Вечером за отмелью показалась лодка. Вблизи ее брел по берегу человек.
— Маньчжуры! — на всю деревню закричал Уленда и побежал в лес.
В Онда начался переполох. Из-под полога выскочил сонный Чумбока и всматривался в едущих.
За широкими песчаными отмелями показалась еще одна лодка.
— Свои, — сказал Удога.
— Ну да, это горюнцы! — с досадой на трусливого дядю воскликнул Чумбо.
С Горюна приехали родные. Их встретили на берегу, обнимали и целовали всех по очереди.
— Что тут у вас случилось? — спрашивал испуганный Дохсо. — Живы ли вы? Мы по дороге слыхали, что тут беда.
— Беды никакой нет, — ответил Чумбока. — Мы только маньчжуров из Онда прогнали.
— Жалко, меня не было, я бы их убил всех! — похвастался Игтонгка.
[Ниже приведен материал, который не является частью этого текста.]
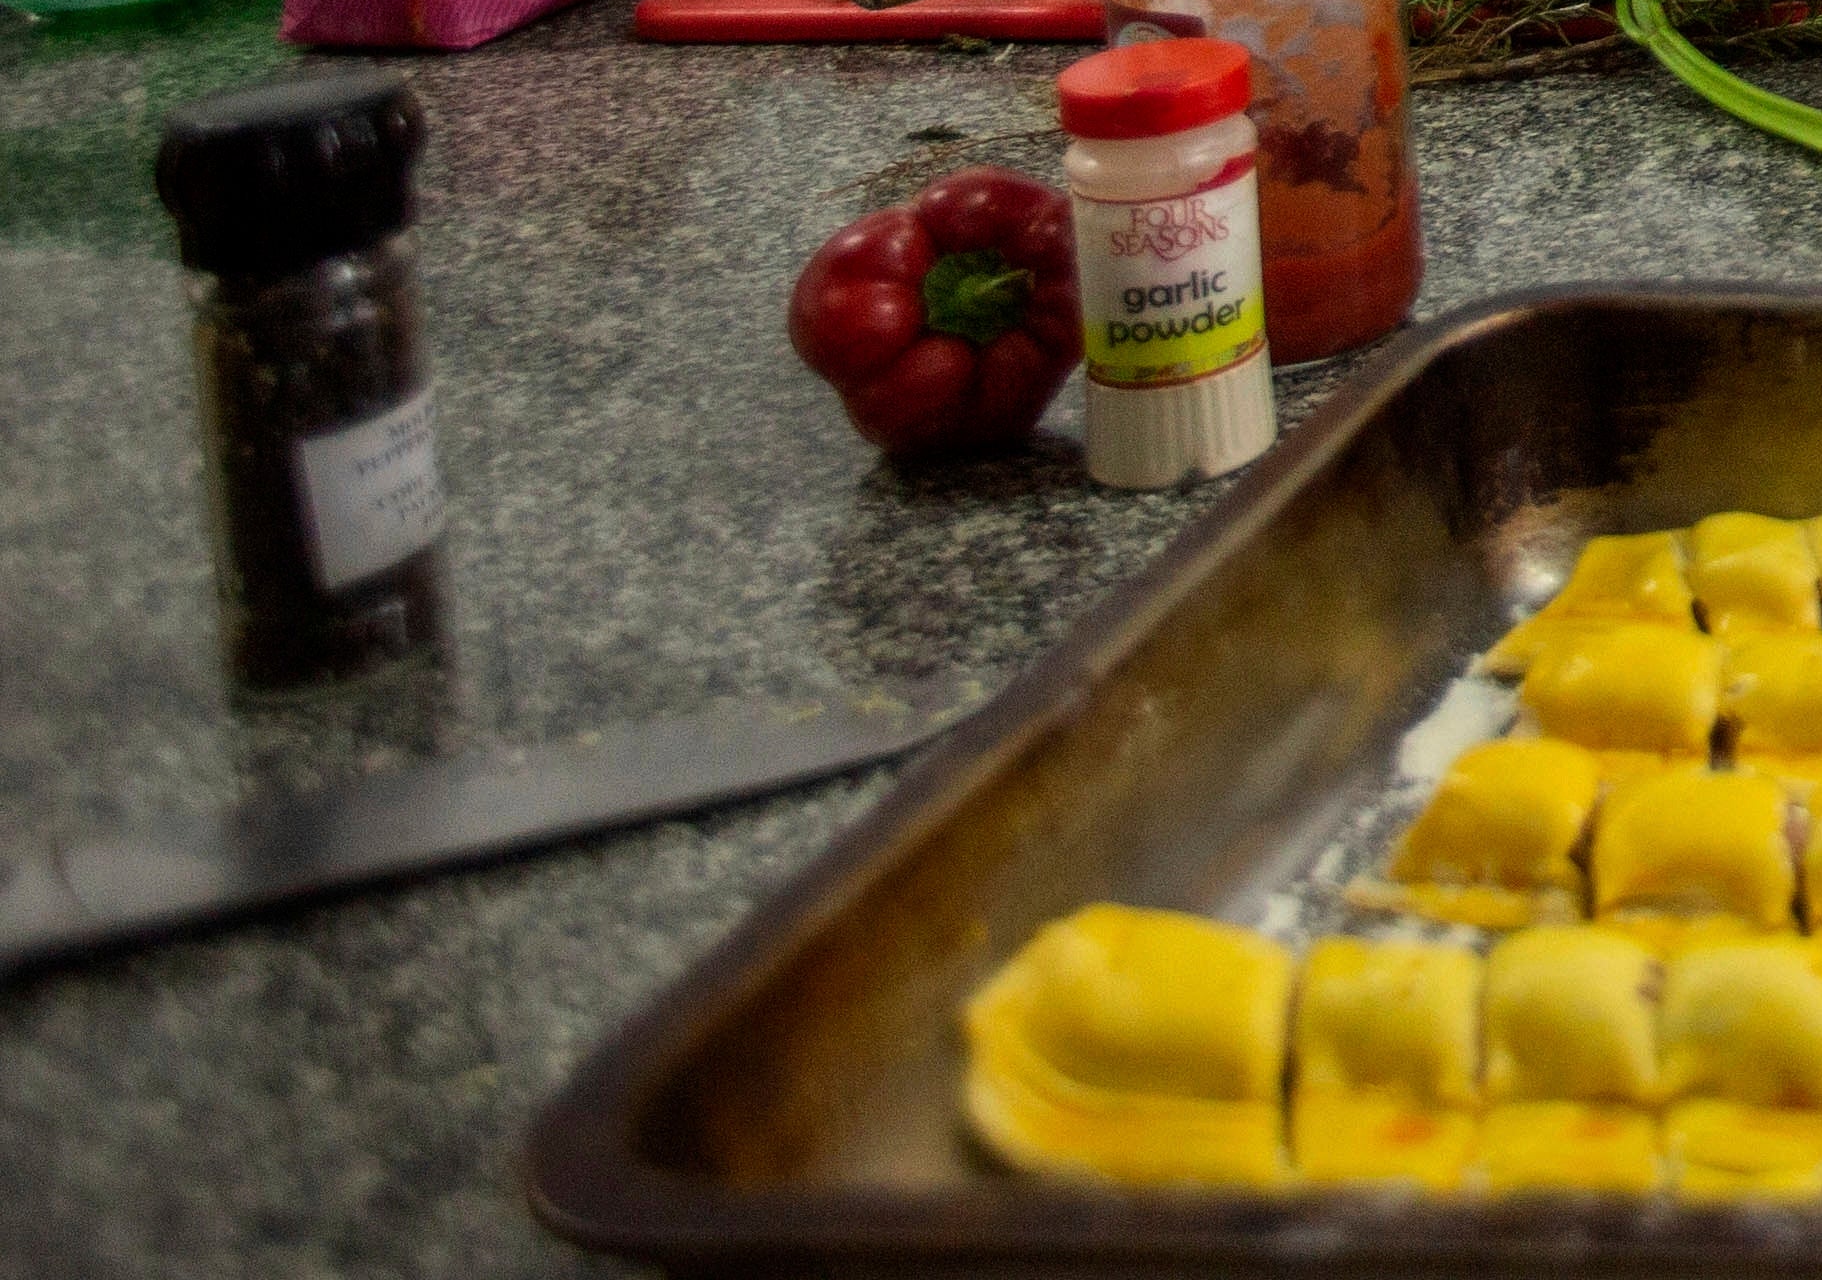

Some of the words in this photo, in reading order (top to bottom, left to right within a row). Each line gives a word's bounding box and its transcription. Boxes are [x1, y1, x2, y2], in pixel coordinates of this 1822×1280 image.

[1110, 216, 1230, 258] SEASONS
[1131, 197, 1214, 233] FOUR
[1123, 268, 1228, 314] garlic
[1107, 296, 1246, 348] powder
Почему меня не дождались, когда сражаться начинали?
Дядюшка Дохсо явился сильно взволнованным, но, выслушав рассказы племянников, он быстро успокоился.
— Ну почему ты не хочешь стать хунхузом? — спрашивал он, сидя у котла с угощениями и запуская в него пальцы. — Хорошо бы жил. Не как мы! У тебя сноровка есть.
— Нет, я не хочу быть хунхузом. Хочу охотиться и тебе шкуры и мясо таскать, чтобы ты никогда не сидел голодным.
— Это тоже хорошо! — согласился тронутый старик.
Чумбо, бодрый, выспавшийся за день, с чувством заговорил о делах.
Хотя дядюшка Дохсо очень беспокоился, не грех ли женить Чумбоку с Одакой, но он все-таки согласился отдать дочь.
— Ну, я согласен! — сказал Дохсо. — Давай торо — и Одака будет твоя.
— Брат, я женюсь! — воскликнул Чумбока.
Дюбака обняла Чумбоку и поцеловала в обе щеки. Она давно жалела брата своего мужа, что он все еще не женат и никто не приласкает его.
Кога и старики подсели к мылкинской старухе.
— Вот это жена моего друга Локке, — говорил Кога. — Я его хорошо знал! Теперь с тобой, старуха, будем родней, — обнял он горбатую вдову Локке. Приезжай гулять к нам на Горюн. Найдем тебе жениха… У нас все женятся.
Дядюшка Дохсо надевал на руку полученный в торо браслет из русского серебра.